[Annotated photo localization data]
____________
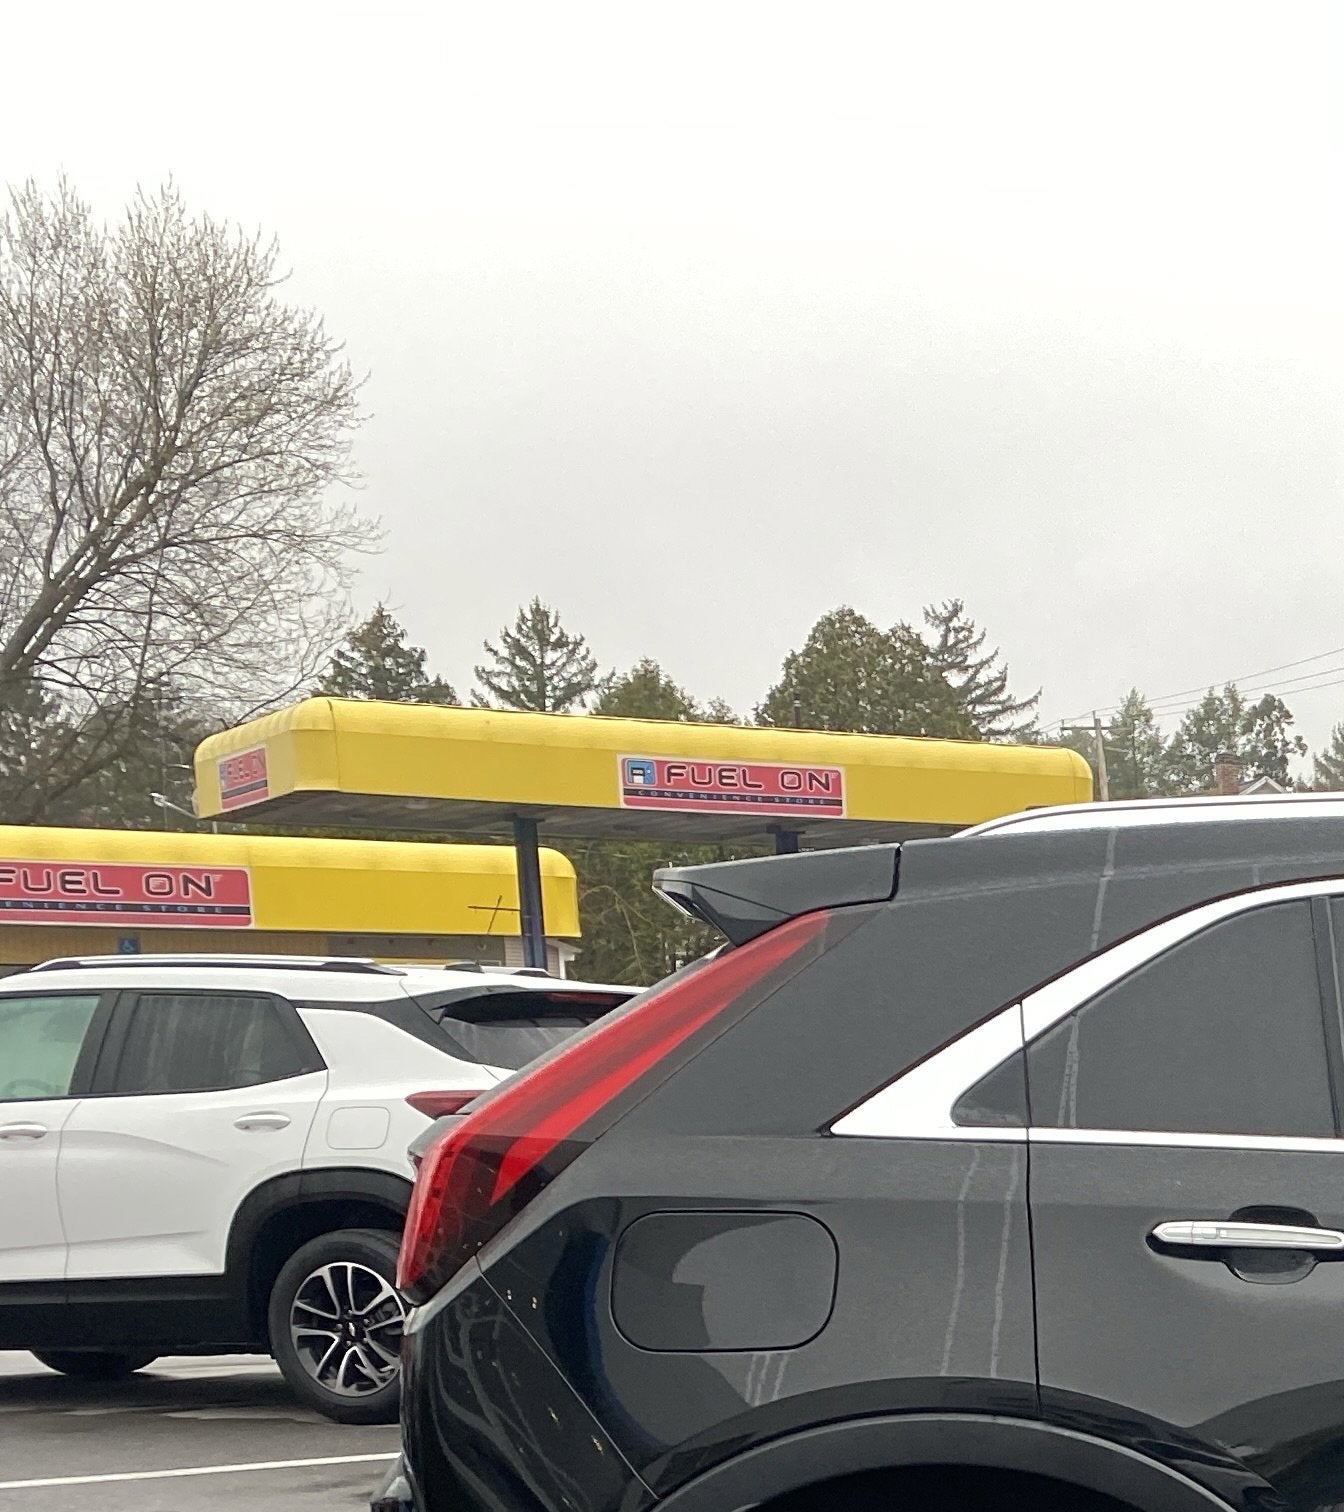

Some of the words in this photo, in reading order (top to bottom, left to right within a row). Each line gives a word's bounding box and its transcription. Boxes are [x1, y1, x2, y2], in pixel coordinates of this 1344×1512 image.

[665, 764, 763, 789] FUEL
[779, 770, 831, 792] ON
[638, 789, 763, 803] CONVENIENCE
[775, 797, 825, 805] STORE
[0, 868, 121, 896] FUEL
[144, 873, 213, 897] ON
[142, 904, 223, 914] STORE
____________
§ What the task requires:
Give the data above again, exactly, with every picture removed.

§ Response to this task:
Some of the words in this photo, in reading order (top to bottom, left to right within a row). Each line gives a word's bounding box and its transcription. Boxes are [x1, y1, x2, y2], in pixel coordinates of this 1344×1512 image.

[665, 764, 763, 789] FUEL
[779, 770, 831, 792] ON
[638, 789, 763, 803] CONVENIENCE
[775, 797, 825, 805] STORE
[0, 868, 121, 896] FUEL
[144, 873, 213, 897] ON
[142, 904, 223, 914] STORE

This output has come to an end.